Task description
Nothing in the records may be left out or altered; reproduce them all exactly.

Source records:
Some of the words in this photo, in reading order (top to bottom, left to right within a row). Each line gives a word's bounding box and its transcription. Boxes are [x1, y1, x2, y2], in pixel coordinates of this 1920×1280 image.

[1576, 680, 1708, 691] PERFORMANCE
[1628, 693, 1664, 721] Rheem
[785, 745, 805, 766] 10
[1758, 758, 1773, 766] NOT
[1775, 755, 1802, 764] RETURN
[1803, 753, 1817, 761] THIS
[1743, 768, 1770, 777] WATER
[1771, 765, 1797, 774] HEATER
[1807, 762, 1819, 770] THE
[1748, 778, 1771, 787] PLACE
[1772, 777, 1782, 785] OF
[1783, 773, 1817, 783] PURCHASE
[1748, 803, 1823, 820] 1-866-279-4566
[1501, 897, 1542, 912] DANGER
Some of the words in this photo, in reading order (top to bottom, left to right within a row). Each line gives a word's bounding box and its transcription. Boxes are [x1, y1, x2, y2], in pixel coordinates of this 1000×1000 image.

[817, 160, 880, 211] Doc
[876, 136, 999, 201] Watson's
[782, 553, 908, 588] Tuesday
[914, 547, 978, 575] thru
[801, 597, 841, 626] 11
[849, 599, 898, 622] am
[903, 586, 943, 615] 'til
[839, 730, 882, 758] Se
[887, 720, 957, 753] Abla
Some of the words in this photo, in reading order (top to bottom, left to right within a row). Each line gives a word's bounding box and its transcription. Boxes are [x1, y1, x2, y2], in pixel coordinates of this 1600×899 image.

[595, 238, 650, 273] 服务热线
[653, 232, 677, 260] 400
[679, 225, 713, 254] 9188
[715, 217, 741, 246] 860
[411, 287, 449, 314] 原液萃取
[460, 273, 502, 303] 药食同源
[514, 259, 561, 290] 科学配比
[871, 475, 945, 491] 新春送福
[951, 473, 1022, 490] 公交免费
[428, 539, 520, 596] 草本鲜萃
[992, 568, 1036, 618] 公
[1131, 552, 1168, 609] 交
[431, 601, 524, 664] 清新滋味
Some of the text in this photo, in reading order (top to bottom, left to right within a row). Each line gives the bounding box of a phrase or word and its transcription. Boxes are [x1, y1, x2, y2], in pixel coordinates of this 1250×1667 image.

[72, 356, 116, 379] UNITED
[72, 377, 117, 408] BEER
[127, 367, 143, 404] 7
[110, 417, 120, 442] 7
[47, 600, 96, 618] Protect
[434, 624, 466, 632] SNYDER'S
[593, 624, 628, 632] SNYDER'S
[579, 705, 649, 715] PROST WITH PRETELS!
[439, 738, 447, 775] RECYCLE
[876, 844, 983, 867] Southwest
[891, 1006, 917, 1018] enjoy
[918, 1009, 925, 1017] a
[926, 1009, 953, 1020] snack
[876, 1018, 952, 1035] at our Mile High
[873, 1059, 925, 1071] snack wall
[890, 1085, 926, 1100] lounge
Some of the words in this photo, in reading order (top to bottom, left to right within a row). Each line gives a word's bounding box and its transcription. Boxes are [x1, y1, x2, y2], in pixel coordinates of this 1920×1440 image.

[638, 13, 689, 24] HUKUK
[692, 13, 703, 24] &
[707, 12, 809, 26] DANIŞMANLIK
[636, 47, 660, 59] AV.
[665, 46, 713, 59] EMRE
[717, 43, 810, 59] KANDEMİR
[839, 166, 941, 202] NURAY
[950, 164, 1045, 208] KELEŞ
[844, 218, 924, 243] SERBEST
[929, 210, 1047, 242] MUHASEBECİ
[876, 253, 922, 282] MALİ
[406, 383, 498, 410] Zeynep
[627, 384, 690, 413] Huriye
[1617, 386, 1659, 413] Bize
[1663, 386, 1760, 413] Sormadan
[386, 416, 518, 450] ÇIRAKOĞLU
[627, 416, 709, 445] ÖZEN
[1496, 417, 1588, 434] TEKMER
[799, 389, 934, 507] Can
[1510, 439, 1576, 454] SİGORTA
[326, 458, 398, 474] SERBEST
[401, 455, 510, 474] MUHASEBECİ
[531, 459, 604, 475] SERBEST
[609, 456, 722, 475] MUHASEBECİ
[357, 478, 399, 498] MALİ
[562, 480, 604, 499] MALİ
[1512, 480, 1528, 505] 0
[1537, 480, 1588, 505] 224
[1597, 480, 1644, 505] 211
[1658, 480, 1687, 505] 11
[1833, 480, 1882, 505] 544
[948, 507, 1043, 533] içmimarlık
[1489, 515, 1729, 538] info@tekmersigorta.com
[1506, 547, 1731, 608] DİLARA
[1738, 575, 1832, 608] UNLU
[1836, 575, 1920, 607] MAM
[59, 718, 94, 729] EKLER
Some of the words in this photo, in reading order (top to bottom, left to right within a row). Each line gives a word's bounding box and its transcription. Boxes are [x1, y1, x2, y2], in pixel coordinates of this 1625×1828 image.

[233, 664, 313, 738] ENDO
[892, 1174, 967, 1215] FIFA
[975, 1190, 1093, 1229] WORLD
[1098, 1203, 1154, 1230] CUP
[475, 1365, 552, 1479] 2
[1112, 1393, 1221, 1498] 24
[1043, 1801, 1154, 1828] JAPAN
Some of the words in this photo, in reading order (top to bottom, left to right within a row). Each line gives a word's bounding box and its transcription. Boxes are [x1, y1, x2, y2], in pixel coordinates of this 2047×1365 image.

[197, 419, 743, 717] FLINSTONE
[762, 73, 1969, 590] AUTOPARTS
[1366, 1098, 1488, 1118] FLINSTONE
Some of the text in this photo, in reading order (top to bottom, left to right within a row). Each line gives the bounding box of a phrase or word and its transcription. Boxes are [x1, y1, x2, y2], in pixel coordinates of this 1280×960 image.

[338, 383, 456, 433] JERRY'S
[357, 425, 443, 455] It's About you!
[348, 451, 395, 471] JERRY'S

Response area
Some of the words in this photo, in reading order (top to bottom, left to right within a row). Each line gives a word's bounding box and its transcription. Boxes are [x1, y1, x2, y2], in pixel coordinates of this 1920×1280 image.

[1576, 680, 1708, 691] PERFORMANCE
[1628, 693, 1664, 721] Rheem
[785, 745, 805, 766] 10
[1758, 758, 1773, 766] NOT
[1775, 755, 1802, 764] RETURN
[1803, 753, 1817, 761] THIS
[1743, 768, 1770, 777] WATER
[1771, 765, 1797, 774] HEATER
[1807, 762, 1819, 770] THE
[1748, 778, 1771, 787] PLACE
[1772, 777, 1782, 785] OF
[1783, 773, 1817, 783] PURCHASE
[1748, 803, 1823, 820] 1-866-279-4566
[1501, 897, 1542, 912] DANGER
Some of the words in this photo, in reading order (top to bottom, left to right within a row). Each line gives a word's bounding box and its transcription. Boxes are [x1, y1, x2, y2], in pixel coordinates of this 1000×1000 image.

[817, 160, 880, 211] Doc
[876, 136, 999, 201] Watson's
[782, 553, 908, 588] Tuesday
[914, 547, 978, 575] thru
[801, 597, 841, 626] 11
[849, 599, 898, 622] am
[903, 586, 943, 615] 'til
[839, 730, 882, 758] Se
[887, 720, 957, 753] Abla
Some of the words in this photo, in reading order (top to bottom, left to right within a row). Each line gives a word's bounding box and its transcription. Boxes are [x1, y1, x2, y2], in pixel coordinates of this 1600×899 image.

[595, 238, 650, 273] 服务热线
[653, 232, 677, 260] 400
[679, 225, 713, 254] 9188
[715, 217, 741, 246] 860
[411, 287, 449, 314] 原液萃取
[460, 273, 502, 303] 药食同源
[514, 259, 561, 290] 科学配比
[871, 475, 945, 491] 新春送福
[951, 473, 1022, 490] 公交免费
[428, 539, 520, 596] 草本鲜萃
[992, 568, 1036, 618] 公
[1131, 552, 1168, 609] 交
[431, 601, 524, 664] 清新滋味
Some of the text in this photo, in reading order (top to bottom, left to right within a row). Each line gives the bounding box of a phrase or word and its transcription. Boxes are [x1, y1, x2, y2], in pixel coordinates of this 1250×1667 image.

[72, 356, 116, 379] UNITED
[72, 377, 117, 408] BEER
[127, 367, 143, 404] 7
[110, 417, 120, 442] 7
[47, 600, 96, 618] Protect
[434, 624, 466, 632] SNYDER'S
[593, 624, 628, 632] SNYDER'S
[579, 705, 649, 715] PROST WITH PRETELS!
[439, 738, 447, 775] RECYCLE
[876, 844, 983, 867] Southwest
[891, 1006, 917, 1018] enjoy
[918, 1009, 925, 1017] a
[926, 1009, 953, 1020] snack
[876, 1018, 952, 1035] at our Mile High
[873, 1059, 925, 1071] snack wall
[890, 1085, 926, 1100] lounge
Some of the words in this photo, in reading order (top to bottom, left to right within a row). Each line gives a word's bounding box and its transcription. Boxes are [x1, y1, x2, y2], in pixel coordinates of this 1920×1440 image.

[638, 13, 689, 24] HUKUK
[692, 13, 703, 24] &
[707, 12, 809, 26] DANIŞMANLIK
[636, 47, 660, 59] AV.
[665, 46, 713, 59] EMRE
[717, 43, 810, 59] KANDEMİR
[839, 166, 941, 202] NURAY
[950, 164, 1045, 208] KELEŞ
[844, 218, 924, 243] SERBEST
[929, 210, 1047, 242] MUHASEBECİ
[876, 253, 922, 282] MALİ
[406, 383, 498, 410] Zeynep
[627, 384, 690, 413] Huriye
[1617, 386, 1659, 413] Bize
[1663, 386, 1760, 413] Sormadan
[386, 416, 518, 450] ÇIRAKOĞLU
[627, 416, 709, 445] ÖZEN
[1496, 417, 1588, 434] TEKMER
[799, 389, 934, 507] Can
[1510, 439, 1576, 454] SİGORTA
[326, 458, 398, 474] SERBEST
[401, 455, 510, 474] MUHASEBECİ
[531, 459, 604, 475] SERBEST
[609, 456, 722, 475] MUHASEBECİ
[357, 478, 399, 498] MALİ
[562, 480, 604, 499] MALİ
[1512, 480, 1528, 505] 0
[1537, 480, 1588, 505] 224
[1597, 480, 1644, 505] 211
[1658, 480, 1687, 505] 11
[1833, 480, 1882, 505] 544
[948, 507, 1043, 533] içmimarlık
[1489, 515, 1729, 538] info@tekmersigorta.com
[1506, 547, 1731, 608] DİLARA
[1738, 575, 1832, 608] UNLU
[1836, 575, 1920, 607] MAM
[59, 718, 94, 729] EKLER
Some of the words in this photo, in reading order (top to bottom, left to right within a row). Each line gives a word's bounding box and its transcription. Boxes are [x1, y1, x2, y2], in pixel coordinates of this 1625×1828 image.

[233, 664, 313, 738] ENDO
[892, 1174, 967, 1215] FIFA
[975, 1190, 1093, 1229] WORLD
[1098, 1203, 1154, 1230] CUP
[475, 1365, 552, 1479] 2
[1112, 1393, 1221, 1498] 24
[1043, 1801, 1154, 1828] JAPAN
Some of the words in this photo, in reading order (top to bottom, left to right within a row). Each line gives a word's bounding box and its transcription. Boxes are [x1, y1, x2, y2], in pixel coordinates of this 2047×1365 image.

[197, 419, 743, 717] FLINSTONE
[762, 73, 1969, 590] AUTOPARTS
[1366, 1098, 1488, 1118] FLINSTONE
Some of the text in this photo, in reading order (top to bottom, left to right within a row). Each line gives the bounding box of a phrase or word and its transcription. Boxes are [x1, y1, x2, y2], in pixel coordinates of this 1280×960 image.

[338, 383, 456, 433] JERRY'S
[357, 425, 443, 455] It's About you!
[348, 451, 395, 471] JERRY'S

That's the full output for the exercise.